Eryx is alone in more ways than one. While he’s surrounded by his fellow scientists on a privately owned planet where they monitor and protect endangered animals, he isn’t quite one of them. He’s the only gay man in their group, and even if he weren’t, the company he works for prohibits office romances of any kind. (They also prohibit books, cards, or any form of entertainment that might make the tedium of their work a little less tedious.) But Eryx is also isolated from his family, who are back on Earth grieving over the death of Eryx’s brother. Eryx hasn’t even told the people he works for that his brother died. He’s having trouble processing it, let alone dealing with it.

One day it all gets to be too much. Needing to be alone, Eryx breaks the company rules and goes out into the snow — alone. Ostensibly he’s checking on the snow leopards, but really he just needs to clear his head and get away from his co-workers who know something is wrong, even if they don’t know what it is. The only problem with his little jaunt is that the snowstorm is getting worse, and soon Eryx finds himself in need of shelter, and fast.

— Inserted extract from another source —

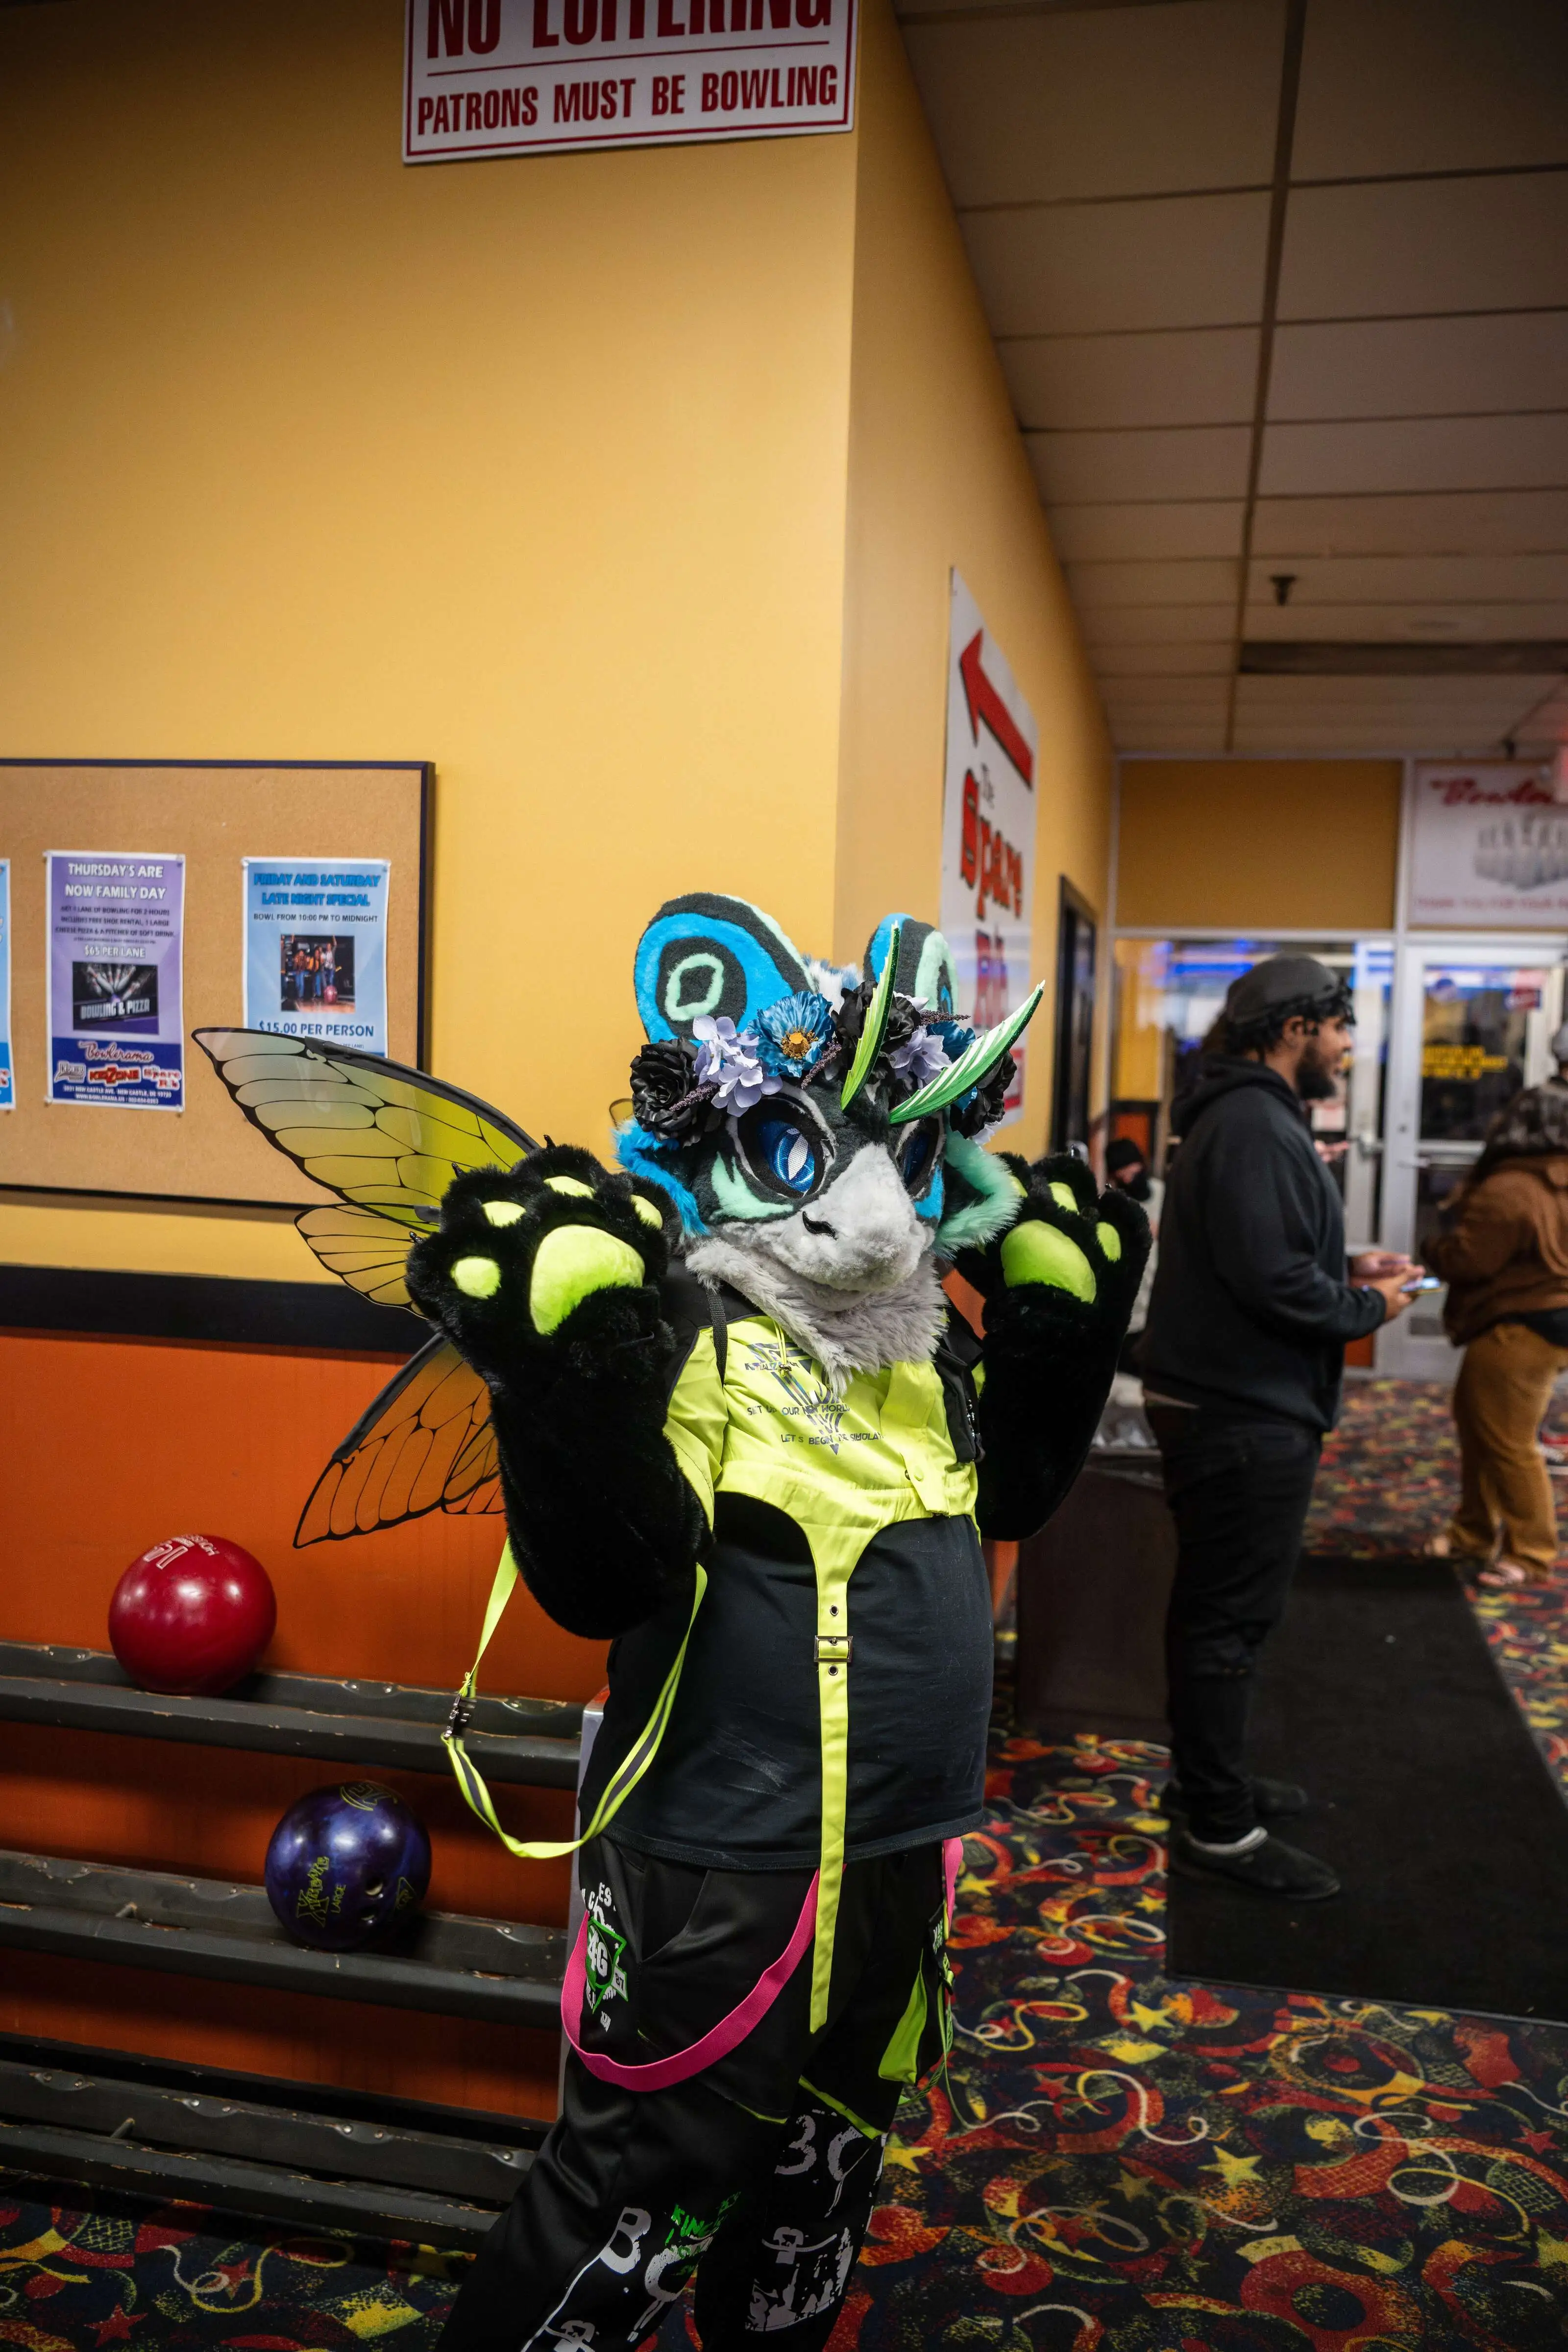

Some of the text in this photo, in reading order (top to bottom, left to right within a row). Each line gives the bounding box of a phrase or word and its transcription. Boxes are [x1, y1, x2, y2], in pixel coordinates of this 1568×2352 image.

Leander is a small-time smuggler who had to make a hard landing on this desolate little planet. Fortunately for him, he’d left a cache of parts and gear last time he was here, only … things have changed. The man pointing a gun at him is new, and so is the fact that his secret stash has been turned into an observation station. Leander has to convince the scientist he isn’t a threat and find a way to escape. When Eryx spots poachers in the cameras, he realizes he needs help if he’s going to save the leopards and he makes a deal with Leander: help him capture the poachers and free the cats, and maybe Eryx will look the other way while Leander finds his way back to his ship. But you know what they say about the best-laid plans of mice and men …

There’s a surprising amount of plot going on in this novella and the author manages to get in a great deal of world building and characterization at the same time. This story is almost equal parts adventure and romance with a good balance of both, and I won’t get too into the plot so as to leave some surprise.

Eryx has been working for the Company for several years now, but he’s still just a low-ranking cog in the great machine. Not that he minds. He doesn’t really have the ambition to climb the corporate ladder and he thought he was comfortable with his position, even if his family back on Earth might have wished him to come back for more than just a visit. His brother’s death, however, has left him oddly introspective and his guilt at the way it ended between them makes him prickly and stand-offish. With close quarters and limited company, Eryx has no outlet, no way to express whatever it is he needs to express.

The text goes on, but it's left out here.